Estaban sentados con el programa oficial. Presumptuous participaba en la primera carrera. Jonh Smirrel, el laureado y diminuto jinete se distinguía por su buena técnica de cabalgar, fuerza, inteligencia, buen juicio y la habilidad de comunicarse con el caballo. Vestía de blanco con bandas rojas cruzadas rojas, mangas rojas y gorra del mismo color, y ya estaba situado para la salida. Y además el jinete vestía su color preferido, el rojo.

 A su lado se encontraban sus caballos contrincantes: Monsignor, Black Jack, Lotus Flower, Grangrenous y Caesar, uno de los dos favoritos junto con Presumptuous.

Era una carrera de distancia media, de dos curvas, y la posición interior de Presumptuous era óptima, pues el estilo de correr de un caballo y la posición de inicio estaban directamente correlacionados. Se trataba de un caballo puntero, es decir, caballo que solía tomar la delantera sin agotarse anticipadamente, y en esta carrera no tenía competencia por obtener la punta,  a excepción de su directo rival Caesar. El resto eran caballos de grupo.

Angus estaba besando el trébol de cinco hojas cuando se dio el pistoletazo de salida. Se trataba de una carrera rápida, en breves momentos todo habría acabado. Los caballos salieron al oír el disparo. Presumptuous y Caesar se situaron como era de esperar a la cabeza y el resto del grupo les seguía a la zaga. En la primera curva Lotus Flower consiguió más velocidad y alcanzó a la pareja en cabeza. En esa entrada a la curva, Smirrel, el jinete de Presumptuous, movió a su caballo y éste respondió a plenitud para atacar a Caesar, puntero en ese momento.  Monsignor podía renunciar a la primera posición pues fue ya frenado al inicio. Estaban en el ecuador de la carrera y Presumptuous se estaba situando para ganar. Black Jack avanzó con su acostumbrada potencia, pero no pudo cerrar el enorme claro sobre Gangrenous. Pasaron sin dificultades la segunda curva. Presumptuous la tomó muy abierta para así cerrar a sus oponentes con éxito. Estaba en cabeza. Poco antes de entrar a la recta final, ya estaba adelante y en el último tramo de la prueba se escapó del resto para alcanzar la meta con ventaja. El orden era en siguiente: Monsignor, Gangrenous, Black Jack, Lotus Flower, Caesar y Presumptuous. Todo parecía haber acabado.

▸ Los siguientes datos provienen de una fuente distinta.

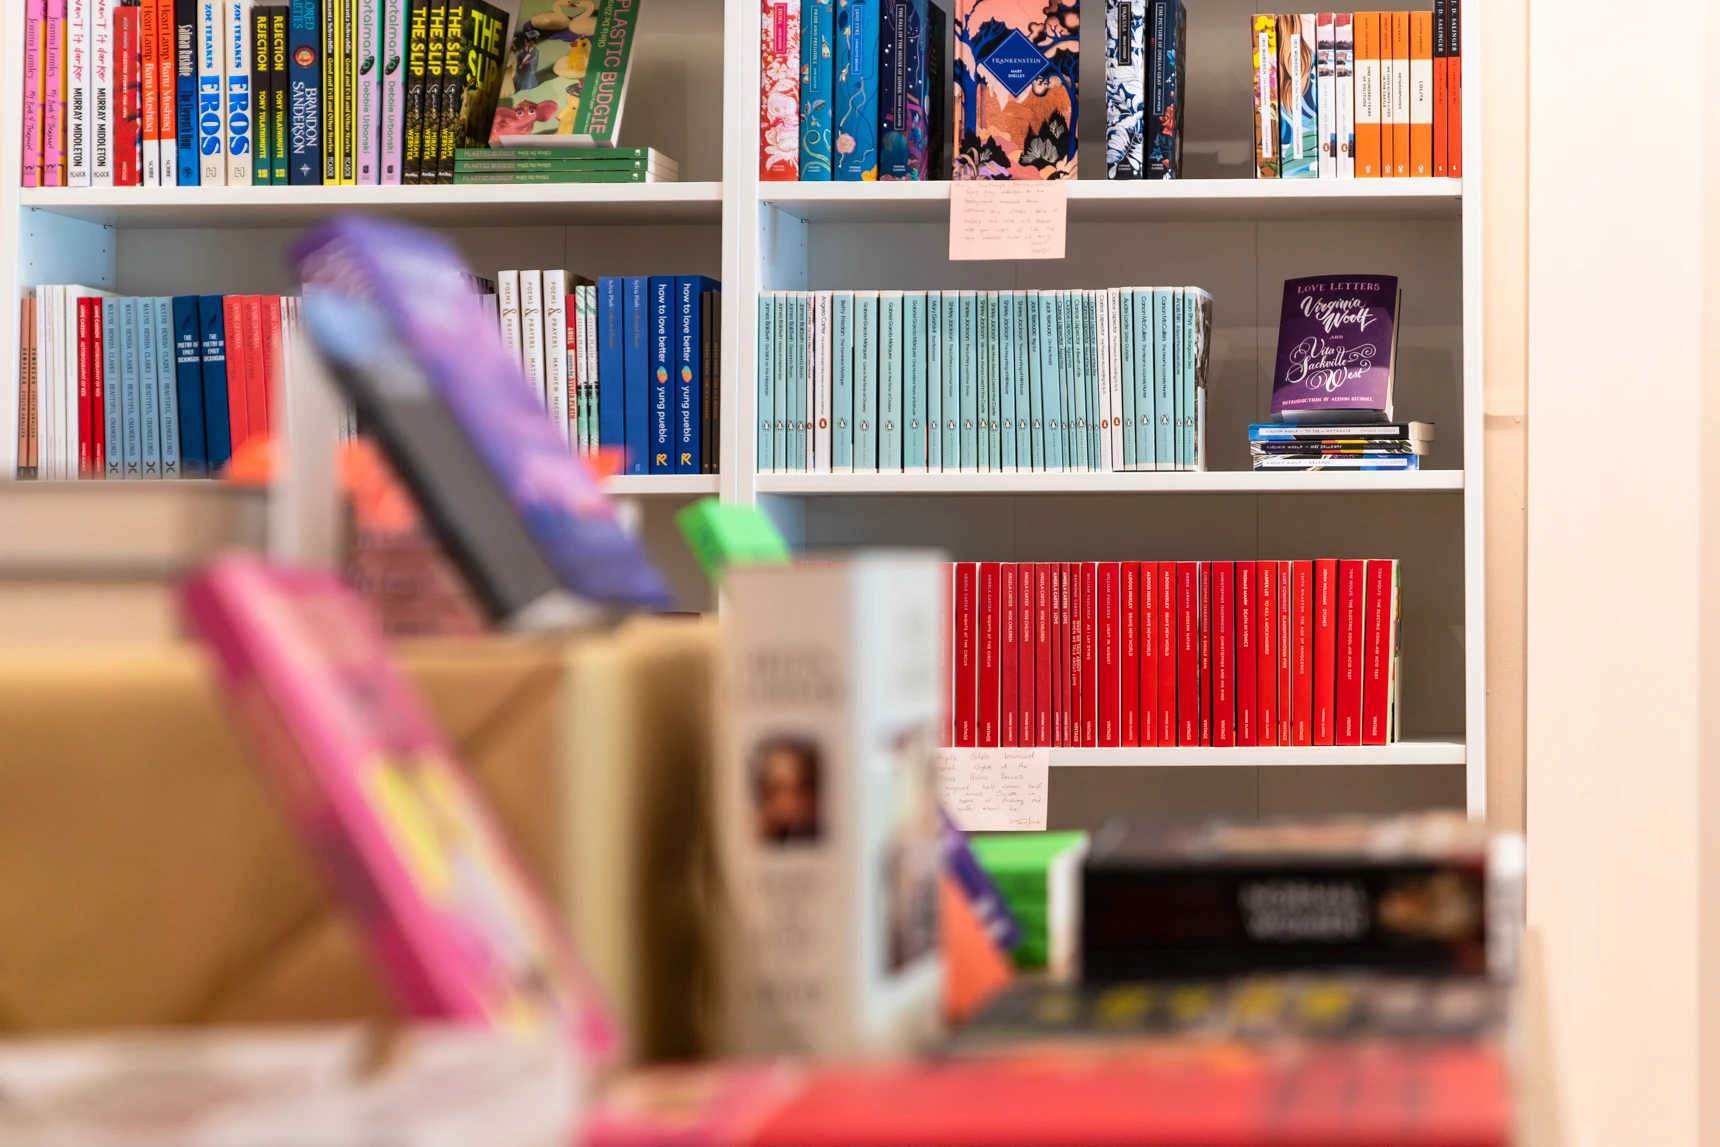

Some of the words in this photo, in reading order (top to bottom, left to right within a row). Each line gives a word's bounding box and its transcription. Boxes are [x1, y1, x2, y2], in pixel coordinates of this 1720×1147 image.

[28, 17, 38, 46] Joanna
[48, 16, 58, 44] Joanna
[143, 5, 153, 30] Heart
[161, 4, 170, 30] Heart
[411, 7, 426, 38] THE
[429, 6, 445, 38] THE
[447, 6, 462, 38] THE
[471, 9, 503, 56] THE
[143, 32, 154, 61] Lamp
[161, 31, 171, 61] Lamp
[178, 24, 193, 52] Salman
[205, 25, 213, 69] TERAKES
[257, 15, 267, 71] REJECTION
[274, 15, 284, 71] REJECTION
[604, 0, 631, 67] PLASTIC
[27, 49, 38, 80] Lumley
[47, 47, 58, 78] Lumley
[178, 53, 193, 77] Rushdie
[410, 43, 425, 76] SLIP
[428, 42, 443, 76] SLIP
[446, 42, 461, 75] SLIP
[466, 49, 498, 93] SLIP
[144, 63, 155, 88] Banu
[162, 62, 172, 87] Banu
[73, 88, 82, 121] MURRAY
[97, 88, 106, 121] MURRAY
[144, 90, 155, 132] Mushtaq
[161, 89, 173, 131] Mushtaq
[363, 81, 371, 112] Debbie
[589, 71, 617, 134] BUDGIE
[200, 75, 221, 156] EROS
[229, 75, 249, 155] EROS
[292, 81, 305, 154] SANDERSON
[304, 88, 317, 147] BRANDON
[73, 124, 82, 166] MIDDLETON
[97, 124, 106, 166] MIDDLETON
[259, 111, 267, 159] TULATHIMUTTE
[363, 115, 371, 153] Urbanski
[658, 284, 666, 303] how
[683, 284, 691, 303] how
[1297, 284, 1325, 293] LOVE
[1330, 282, 1380, 291] LETTERS
[548, 308, 562, 316] &
[658, 305, 666, 314] to
[683, 304, 691, 313] to
[1300, 295, 1365, 321] Virginia
[1322, 308, 1377, 333] Woolf
[658, 316, 666, 334] love
[683, 315, 691, 333] love
[658, 336, 667, 362] better
[683, 336, 691, 361] better
[1306, 359, 1371, 392] West
[657, 387, 665, 409] yung
[682, 386, 690, 409] yung
[1282, 397, 1322, 406] INTRODUCTION
[657, 411, 667, 443] pueblo
[682, 411, 691, 442] pueblo

Angus y Alan se estaban abrazando. Pocos cambios se podían ya producir en el resultado. Pero ocurriendo lo inesperado Lotus Flower rebasó sin problemas en lo alto del último tramo de la pista y se posesionó del segundo puesto. Todo esto sucedía en segundos. Smirrel giró su cabeza, vio los últimos movimientos de sus contrincantes y sacudió con su fusta a Presumptuous. Éste respondió al golpe con un fuerte impulso y aumentó más aún su ventaja. Faltaban pocos metros para llegar a la meta.

Angus cerró los ojos y cerró los puños. Alan, el gallo de Kentucky, gritó animando a su caballo vencedor con su voz excesivamente aguda.

Smirrel no pudio evitar oír esos desgarradores gritos. Presumptuous levantó sus cuartos traseros y lanzó por delante al jinete. Caesar y Lotus Flower, que les iban a la zaga, embistieron a Presumptuous. Los tres caballos se encontraban tendidos en el suelo. Black Jack salió de la pista evitando caer encima de los caballos derribados. Cuando Smirrel se levantaba e intentaba calmar a su caballo y volverlo a montar, Black Jack saltó por encima del grupo de caballos aún en el suelo. El jinete se agachó al ver venir al alazán, pero uno de los cascos del caballo golpeó la cabeza de Smirrel y lo derribó de nuevo. Para entonces los caballos y sus jinetes se habían repuesto de la caída y se disponían a competir por los pocos metros que restaban para la meta. La carrera estaba ya finalizada. El trébol de cinco hojas parecía que podía aún influir en el resultado. Y lo hizo. Gangrenous llegó vencedor, seguido de Caesar, Lotus Fower y Monsignor. Presumptuous quedó en quinta posición. Otra vez el cinco.